PART I
The History
CHAPTER I
The Land where the River Flows
Contrasts—The Two Islands—Uplift—Volcanic Action—Flood—Age of Ice—Story of Wishpoosh and Creation of the Tribes—Outline of the Mountain Systems—Peculiar Interlocking of the Columbia and the Kootenai—The Cascade Range—The Inland Empire—The Valleys West of the Cascade Mountains—The Forests—The Climate—The Native Races and Some of their Myths—Story of the Kamiah Monster—The Tomanowas Bridge at the Cascades—Origin of Three Great Mountains—The Chinook Wind—Myths of the Unseen Life—Klickitat Story of the Spirit Baby—Beauty of the Native Names.
Wonderfully varied though rivers are, each has a physiognomy of its own. Each preserves its characteristics even in the midst of constant diversity. We recognise it, as we recognise a person in different changes of dress. The Ohio has one face, the Hudson another, and each keeps its essential identity. The traveller would not confuse the Rhine with the Danube, or the Nile with the Volga.

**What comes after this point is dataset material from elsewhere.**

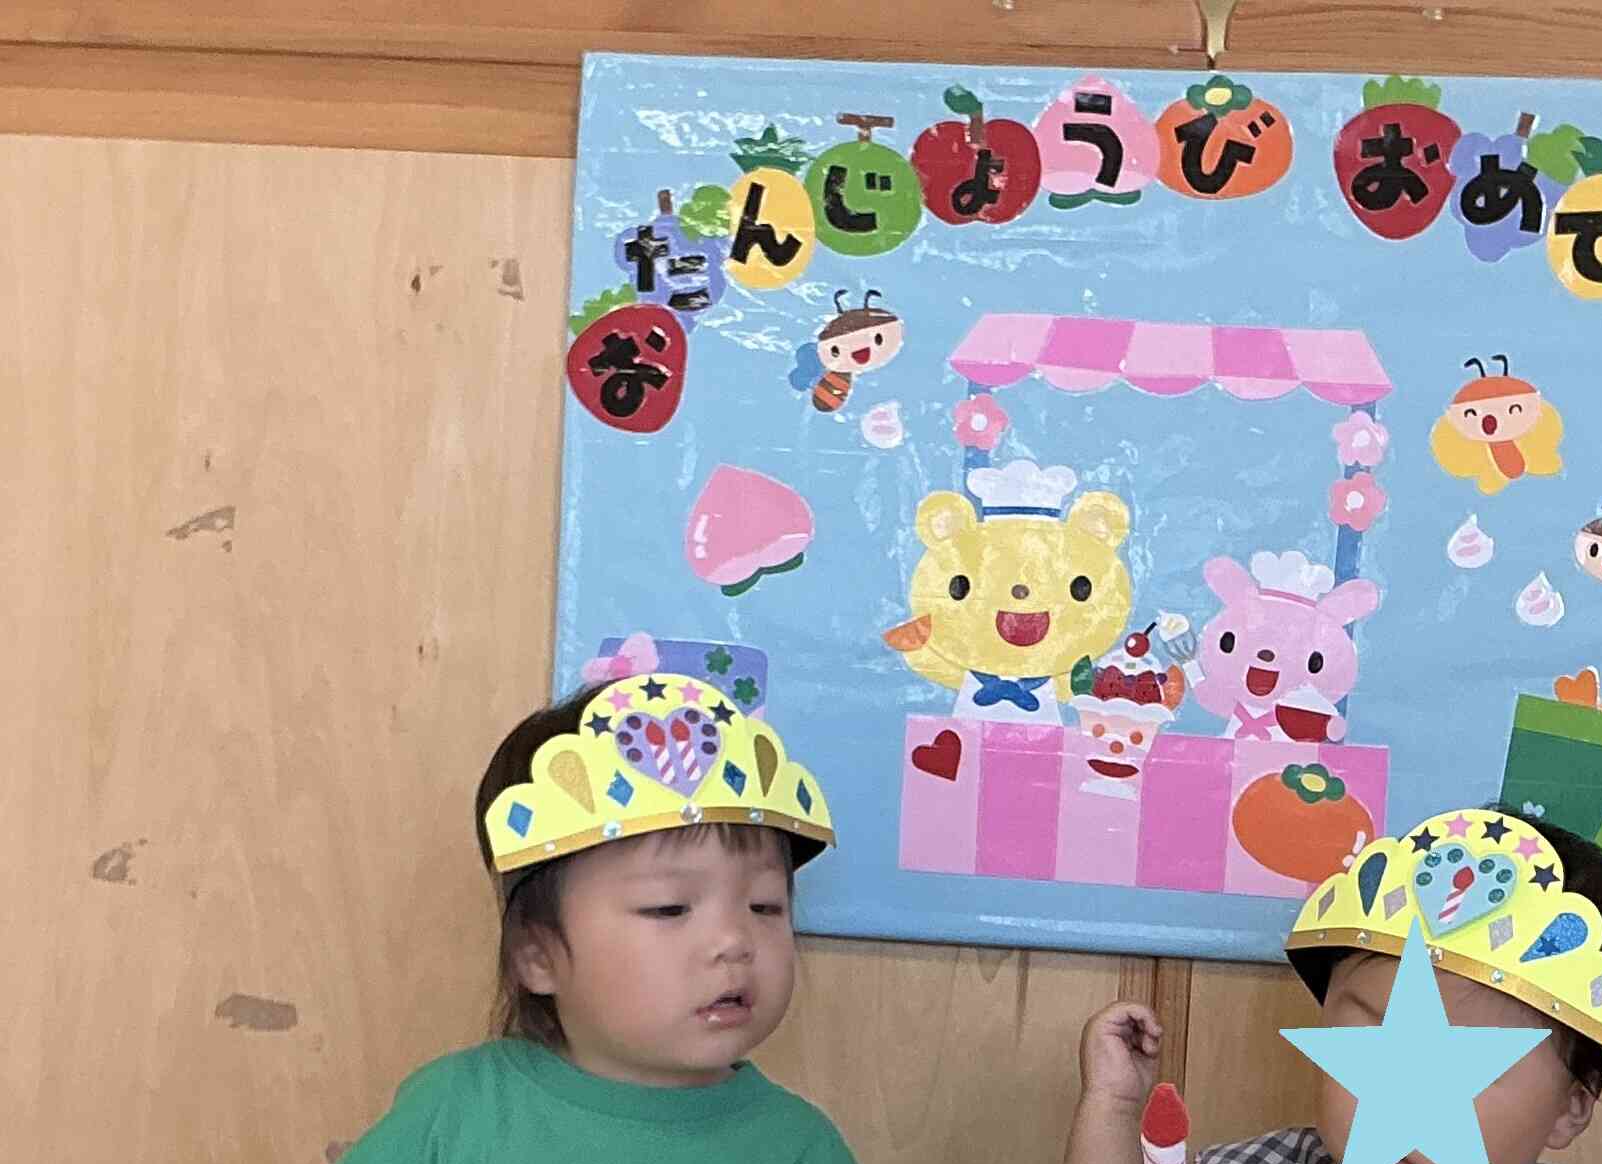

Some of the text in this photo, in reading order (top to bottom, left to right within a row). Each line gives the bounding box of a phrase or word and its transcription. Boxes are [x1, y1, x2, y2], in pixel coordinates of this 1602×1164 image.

Even more distinctive than most rivers in form and feature is the Columbia, the old Oregon that now hears far other sounds than “his own dashings,” the River of the West, the Thegayo, the Rio de los Reyes, the Rio Estrachos, the Rio de Aguilar, the many-named river which unites all parts of the Pacific North-west. It is to its records of romance and heroism, of legend and history, as well as to its alternating scenes of stormy grandeur and tranquil majesty that the reader’s attention is now invited. Though among the latest of American rivers to be brought under the control of civilised men, the Columbia was among the earliest to attract the interest of the explorers of all nations, and the struggles of international diplomacy over possession were among the most momentous in history. The distance of the Columbia from the centres of population and the difficulty of reaching it made its development slow, and for this reason its pioneer stage lasted longer than would otherwise have been the case. In this part of its history there was a record of pathos, tragedy, and achievement not surpassed in any of the annals of our country, while, in its later phases, the North-west has had the sweep and energy of growth and power characteristic of genuine American development. Finally, by reason of scenic grandeur, absorbing interest of physical features, the majesty and mystery of its origin in the greatest of American mountains, the swift might of its flow through some of the wildest as well as some of the most beautiful regions of the globe, and at the last by the peculiar grandeur of its entrance into the greatest of the oceans, this “Achilles of Rivers” attracts alike historian, scientist, poet, statesman, and lover of nature.